However, the role of the moderator in WiZiQ is very different from that of the moderator of an Elluminate session. Most crucially, in a WiZiQ session, the moderator must be pro-active in driving the interaction from the point of appearing on time for the session to begin with. Let's say the moderator has scheduled the session for noon, and has invited a number of participants from his or her network. Those people will receive an email saying that the session begins at noon, and no one, not even the moderator, can enter the session before then. The moderator is then in a position of having to upload materials to the whiteboard with participants present who have been informed that the session was to begin at noon. One way to avoid this would be to not invite anyone from the moderator's network, so there would be no system-generated emails, and the moderator might then invite participants through a separate network to arrive for a presentation set to begin at 12:30, or whenever the moderator expects to be ready. However, this would obviate benefits inherent in the social network features, so what is needed here is the ability of the moderator to get in beforehand and set up the session.

WiZiQ allows for fully duplex voice chat, as you get with Skypecasts, which start similarly to a WiZiQ session. WiZiQ at least deals with one problem with Skypecasts - in WiZiQ participants arrive muted until granted permission to speak. This is both bane and boon, boon to the moderator who is the sole participant who is able to speak until he or she decides to start granting others the mic, and bane in case the moderator is not there for whatever reason. In that case participants must text chat, as there would be no one available to allow them to talk. With Elluminate, it should be recalled that participants who gather at a working Elluminate room will be fully voice empowered unless a moderator arrives who wishes to switch them off.

Because of its simplex, one-person-speaks-at-a time functionality, Elluminate users do not encounter the problems faced by users of Skype and WiZiQ when everyone is able to talk at once -- these issues being background noise and feedback. With Elluminate, it might also be recalled that users in general need little or no training in order to participate, but with Skype and WiZiQ considerable time and effort often has to be expended on mic etiquette. Users of duplex synchronous voice chat tools need to wear headsets so that their mics don't pick up what others are saying from the speakers and feed it back into the voice stream with delay, giving an echo effect that can disrupt speech in the person trying to speak. In worst cases, this can cause high-volume whine until the offending user self-mutes or is muted. Similarly when participants are in an area with loud background noise, they need to mute their mics when not speaking so that the noise doesn't distort the conversation being played to everyone else.

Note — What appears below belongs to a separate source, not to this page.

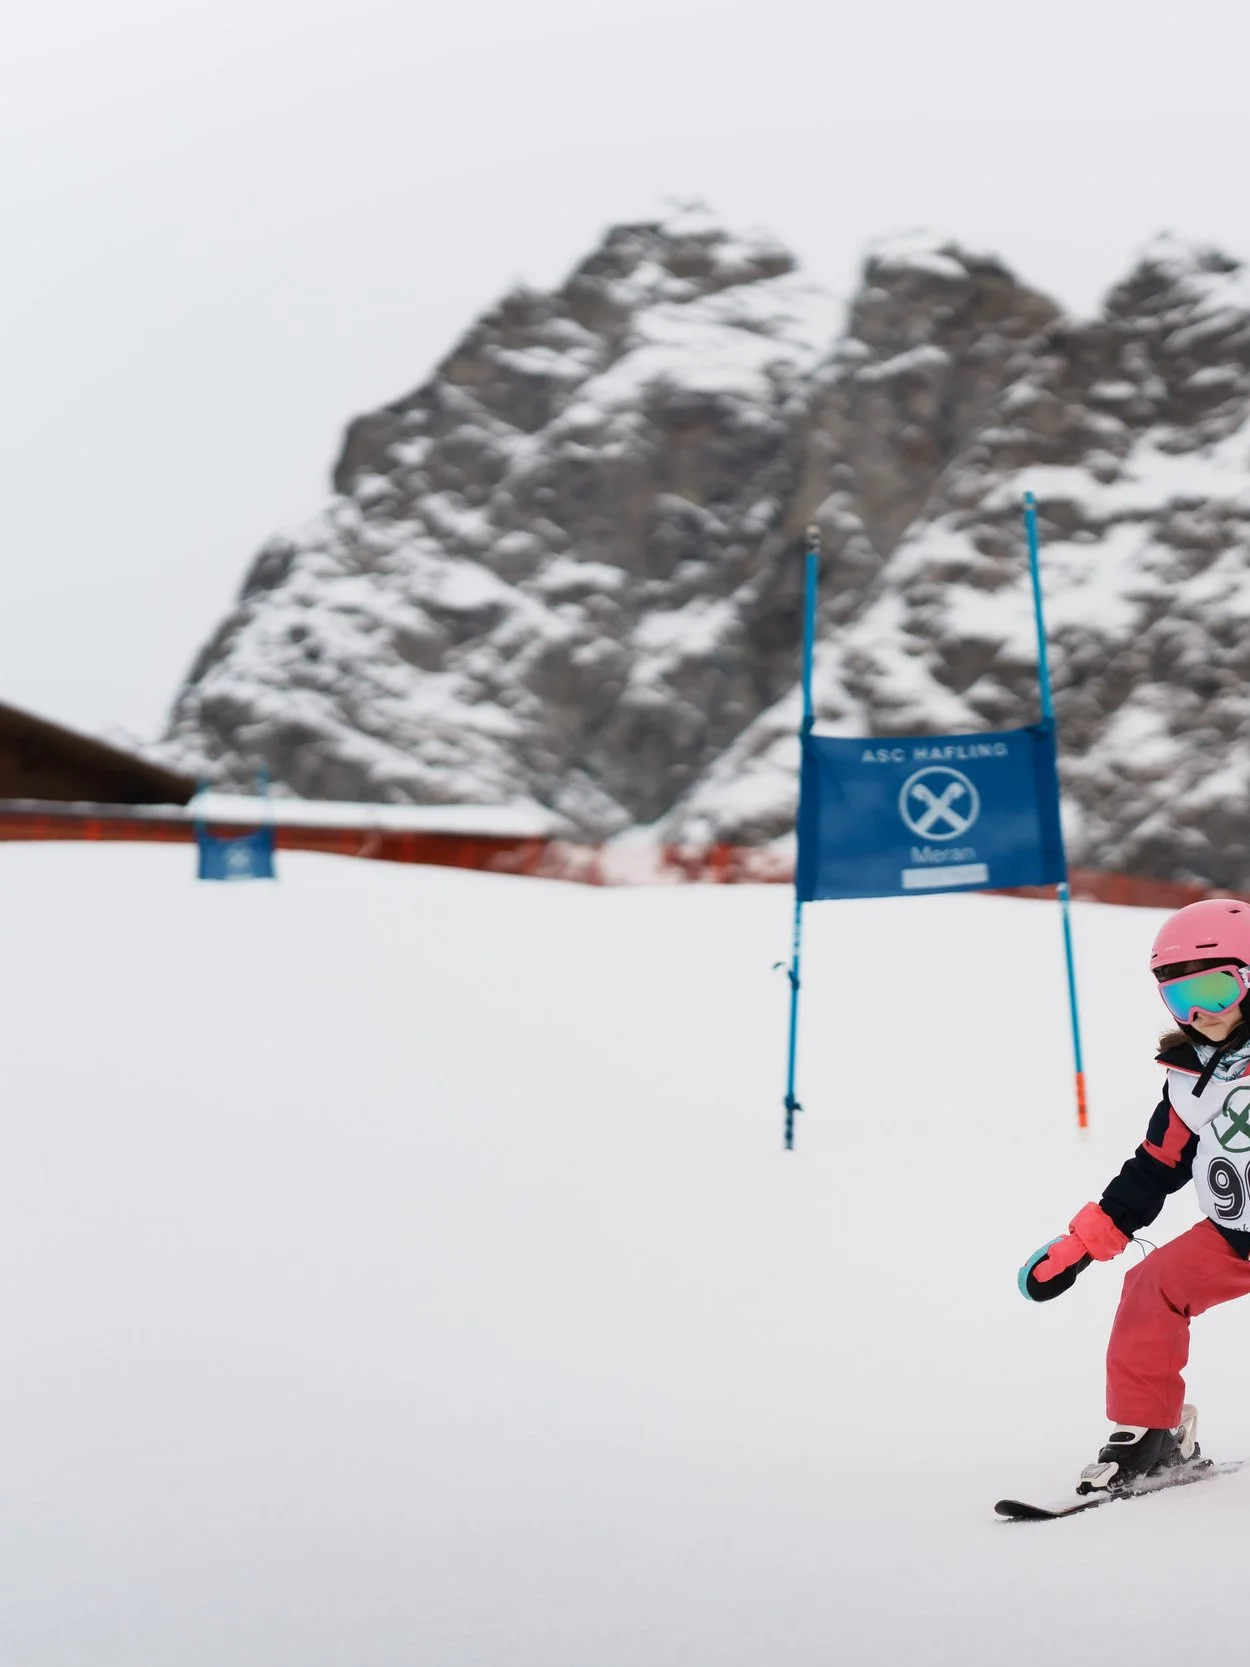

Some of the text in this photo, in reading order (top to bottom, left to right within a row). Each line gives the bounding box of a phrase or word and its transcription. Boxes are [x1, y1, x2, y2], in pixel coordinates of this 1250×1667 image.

[861, 742, 1009, 762] ASC HAFLING
[911, 846, 977, 864] Meran

If the moderator has to deal with sound issues while trying to present, this increases task load, so a course of least resistance for moderators is to simply leave the default settings in place, so that everyone but the moderator is muted. The moderator then opens up one mic at a time in response to a hand raised, the icon provided for participants to get attention. Similarly, if the moderator has activated web cams for the session, then the moderator's web cam will appear from the moment it is switched on, but for others to have the cam, the moderator must select that person and pass web cam control on. If the moderator is on the ball, this might be a good way to ensure that anyone who is speaking is pictured while speaking, but then the moderator would be taking on a role of director or puppeteer, constantly switching between speakers and web cams by granting the appropriate privileges at just the right juncture in the presentation.

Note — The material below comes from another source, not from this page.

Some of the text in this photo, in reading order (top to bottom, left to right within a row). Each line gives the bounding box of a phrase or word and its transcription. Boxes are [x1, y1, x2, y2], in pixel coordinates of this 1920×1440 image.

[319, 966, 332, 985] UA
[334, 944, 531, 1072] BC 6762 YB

Another odd thing happens in WiZiQ when the moderator grants voice permission, and that is that permission to use a microphone brings with it permission to have moderator control over whiteboards, including the option to create new ones and toggle from one to another. It's hard to second guess the developers of the product on this one, but the ramifications are several-fold. In particular, the moderator cannot grant many participants microphone privilege without a corresponding increasing in chance of chaos occurring with whatever presentation materials are on the screen. If the moderator stopped on a particular slide for example and invited comment and then threw the floor open to all participants, all participants might start seeing the slides and whiteboard changing without anyone knowing who was making the changes, and when the moderator regained control there might be a few whiteboards more than when the chaos started.

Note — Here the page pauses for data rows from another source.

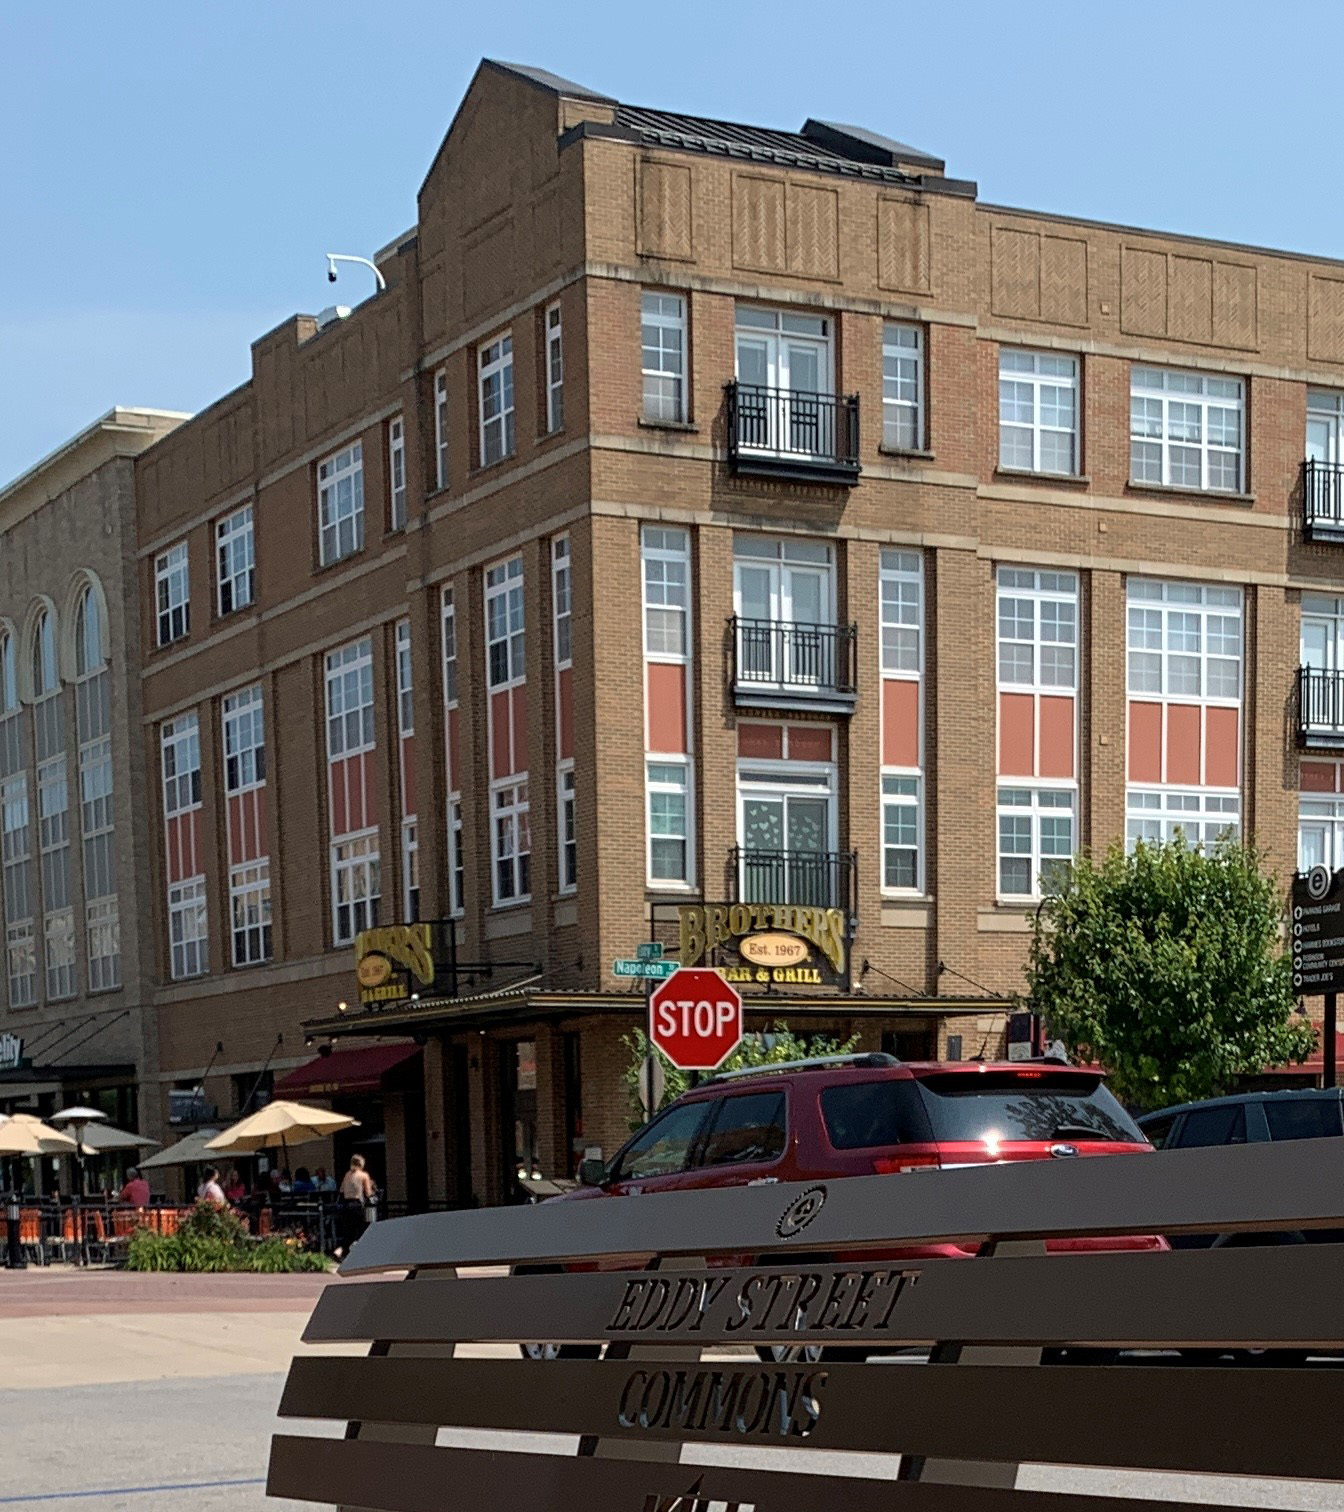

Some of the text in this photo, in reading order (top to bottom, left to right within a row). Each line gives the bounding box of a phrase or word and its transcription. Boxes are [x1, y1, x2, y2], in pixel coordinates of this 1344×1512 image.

[678, 903, 845, 974] BROTHERS
[748, 942, 801, 958] Est. 1967
[616, 961, 663, 976] Napoleon
[718, 967, 822, 983] BAR & GRILL
[657, 1000, 736, 1038] STOP
[606, 1269, 923, 1332] EDDY STREET
[617, 1369, 829, 1437] COMMONS

So it must have been assumed in designing this system that the moderator would not think to do this. In our experiments with this system we have found that the moderator would be in any event unwise to un-mute all mics due to the sound issues mentioned earlier, so the system seems to have been designed with less flexible view of how a moderator might want to conduct a session than that allowed by Elluminate.

What then must a moderator do in order to make an effective presentation in WiZiQ, and what would a group do in order to hold an effective brainstorming session in WiZiQ? These are important questions to raise at this time, while WiZiQ and perhaps other similar products are under development, and while the developers are still in a position to respond to feedback from the educational community.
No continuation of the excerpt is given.